"Elvis Ate America" is the eleventh song on Passengers' Original Soundtracks 1 (Passengers is Brian Eno and U2). There's a short paragraph describing the film "Elvis Ate America" was supposedly made for, though like the other song descriptions, most of these, including the one for this song, are made up by Brian Eno (the films don't really exist and many of their titles are inside jokes amongst Passengers). The description for this song is as follows:

After finishing 'Popcorn', his first film, in 1978, Jeff Koons continued his emerging exploration of pop iconography with the now legendary "Elvis Ate America" - a four minute work using a fragment of super 8 footage shot by the teenage Koons at one of Presley's Las Vegas 'Rhinestone' concerts in the early seventies. The final edit of the film was destroyed by fire but Koons is considering remaking it.
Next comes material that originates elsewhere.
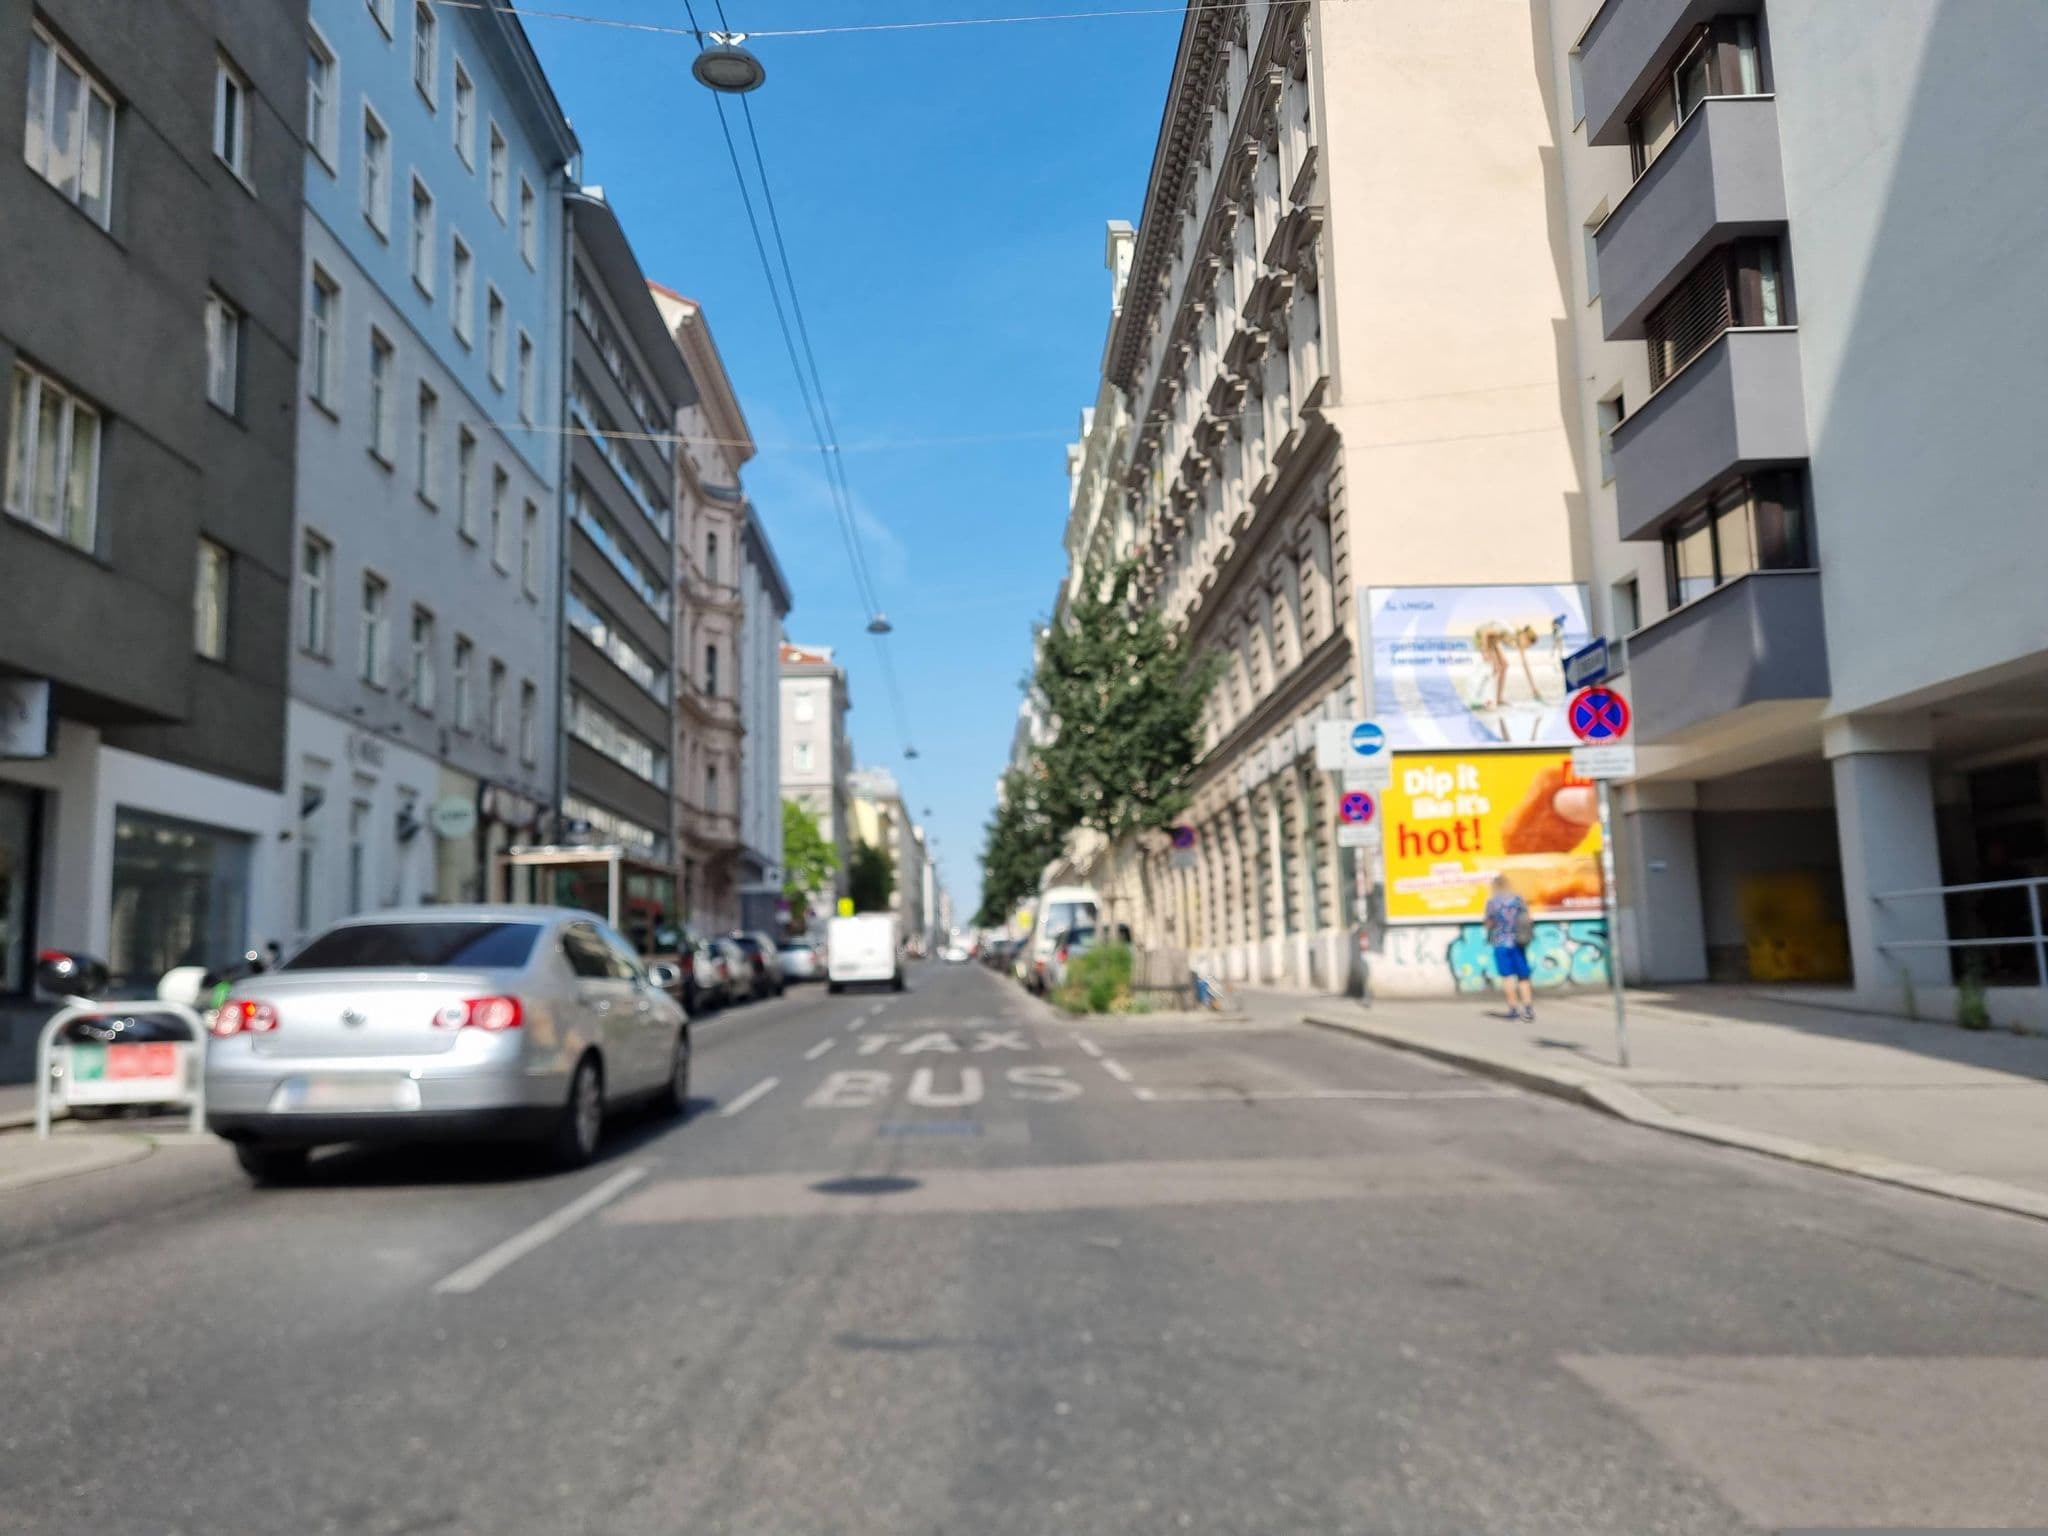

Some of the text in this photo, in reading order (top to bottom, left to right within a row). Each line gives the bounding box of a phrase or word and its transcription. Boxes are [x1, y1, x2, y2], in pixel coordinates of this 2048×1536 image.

[1403, 763, 1480, 799] Dip it
[1412, 796, 1454, 819] like
[1398, 818, 1482, 857] hot!
[804, 1064, 1083, 1108] BUS
The song sounds completely out of place with the other songs on Original Soundtracks 1. Most of Passengers' songs are heavy on a film soundtrack feel and the overall tone of the album is very ambient. "Elvis Ate America," on the other hand, stands out from this the moment it begins. The song starts off with Howie B yelling out "El-vis!" and he continues to do so after each line that Bono sings, describing the King. "Elvis Ate America" is well summed-up wacky fun.

U2 makes a similar weird/fun standing out song situation a few years later with a "Anarchy in the USA" on the soundtrack to The Million Dollar Hotel. In opposition to the rest of the soundtrack, "Anarchy in the USA" is a loud, obnoxious Spanish version of the Sex Pistols' "Anarchy in the UK."

"Elvis Ate America" was written by Brian Eno, Adam Clayton, The Edge, Larry Mullen, Jr., and Howie B (who also engineered it). The vocals are sung by Bono except for this one voice that repetitively shouts "Elvis!" which is that of Howie B. The song is three minutes long.